* _PROBLEM STATEMENT_: The reply must repeat the listing below exactly and carry none of its pictures.

* _SOURCE RECORDS_:
**********

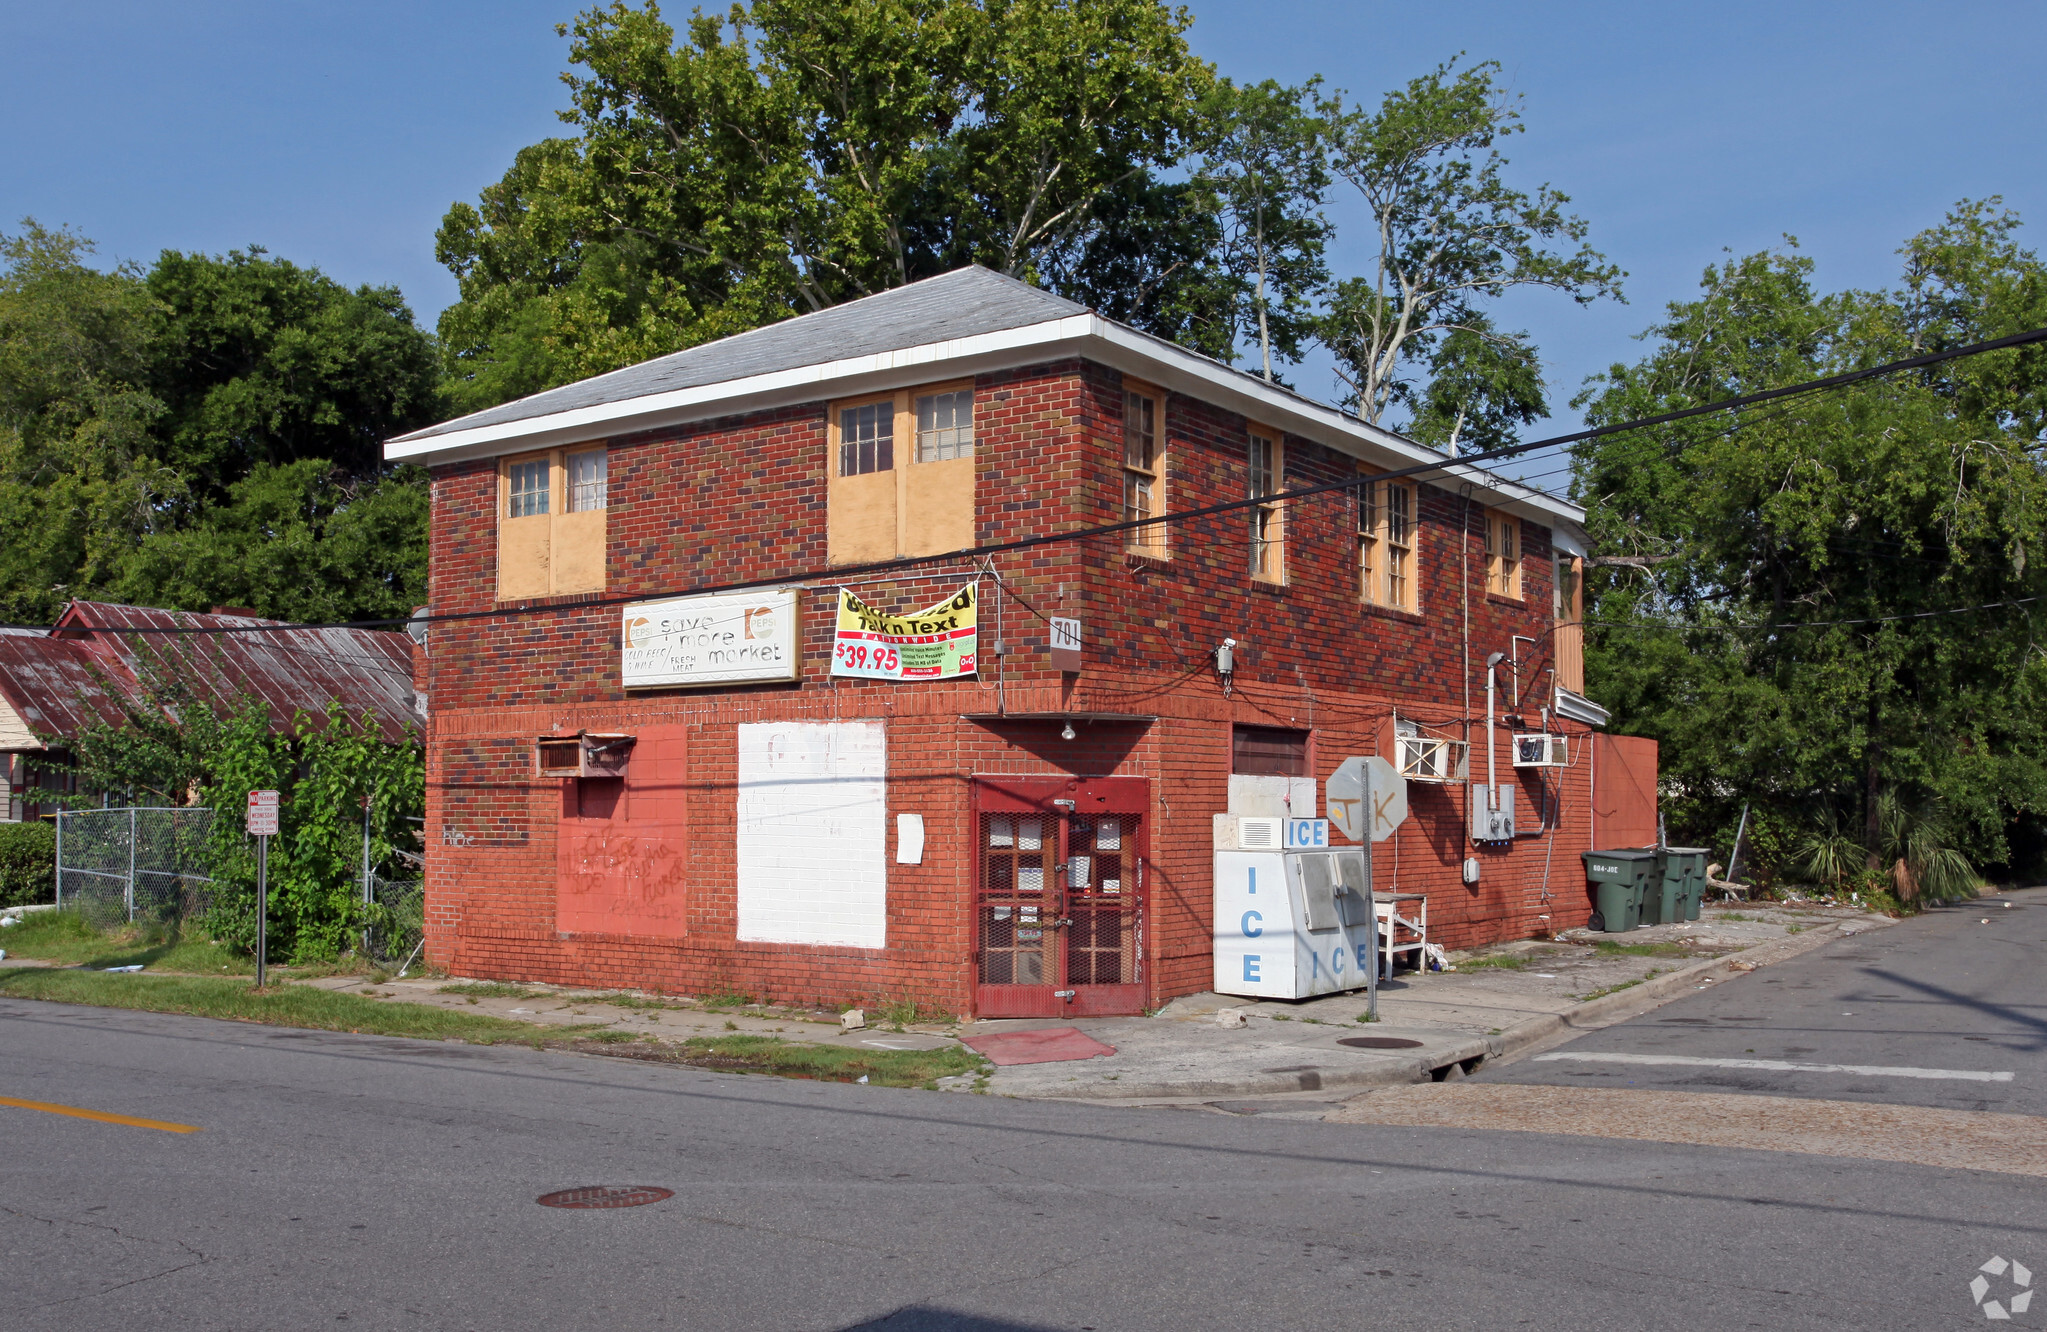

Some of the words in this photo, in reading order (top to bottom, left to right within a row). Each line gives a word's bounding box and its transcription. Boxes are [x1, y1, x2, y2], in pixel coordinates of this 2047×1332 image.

[630, 627, 653, 637] PEPSI
[750, 618, 777, 628] PEPSI
[907, 616, 958, 635] Text
[679, 632, 735, 649] more
[861, 632, 952, 645] NATIONWIDE
[1055, 621, 1078, 646] 701
[670, 655, 697, 665] FRESH
[708, 643, 782, 664] market
[836, 641, 898, 671] $39.95
[672, 664, 694, 673] MEAT
[250, 794, 258, 803] NO
[1288, 820, 1324, 846] ICE
[1241, 866, 1264, 983] ICE
[1312, 943, 1367, 979] ICE
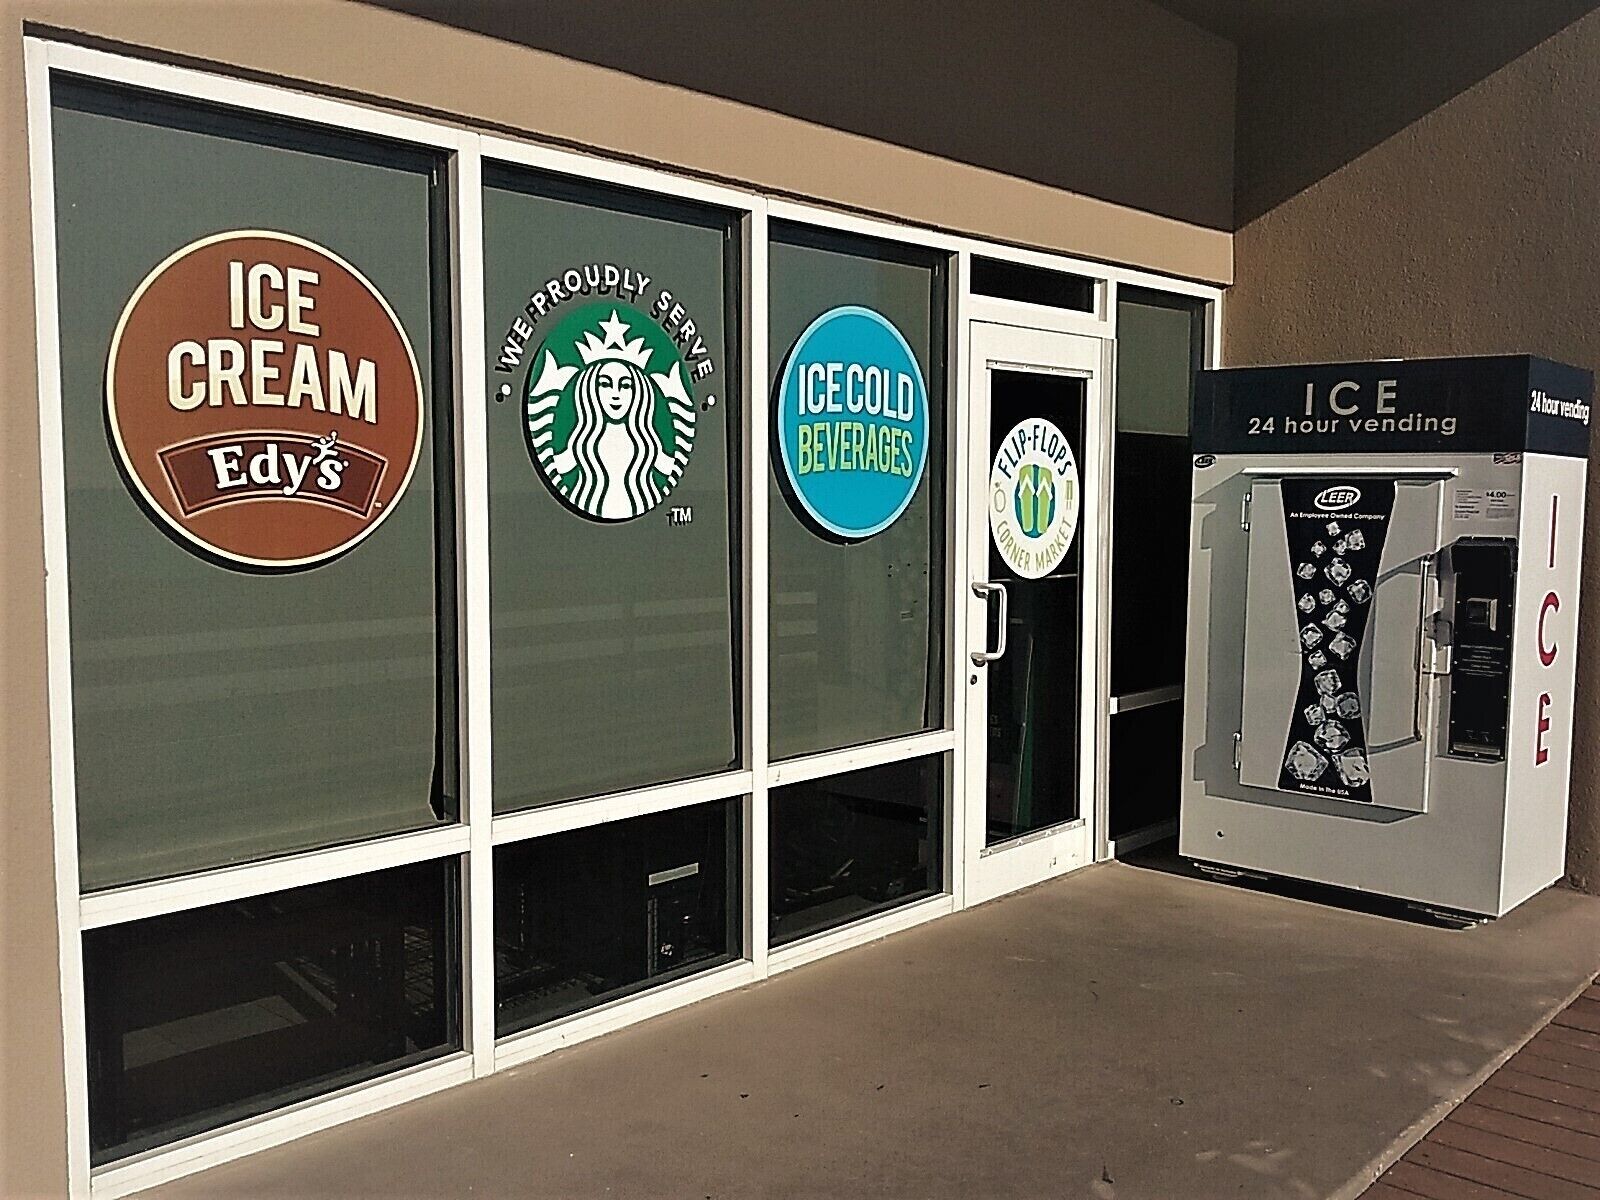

**********

* _REPLY TO THE EXERCISE_:
Some of the words in this photo, in reading order (top to bottom, left to right within a row). Each line gives a word's bounding box and its transcription. Boxes are [x1, y1, x2, y2], in pixel coordinates of this 2047×1332 image.

[630, 627, 653, 637] PEPSI
[750, 618, 777, 628] PEPSI
[907, 616, 958, 635] Text
[679, 632, 735, 649] more
[861, 632, 952, 645] NATIONWIDE
[1055, 621, 1078, 646] 701
[670, 655, 697, 665] FRESH
[708, 643, 782, 664] market
[836, 641, 898, 671] $39.95
[672, 664, 694, 673] MEAT
[250, 794, 258, 803] NO
[1288, 820, 1324, 846] ICE
[1241, 866, 1264, 983] ICE
[1312, 943, 1367, 979] ICE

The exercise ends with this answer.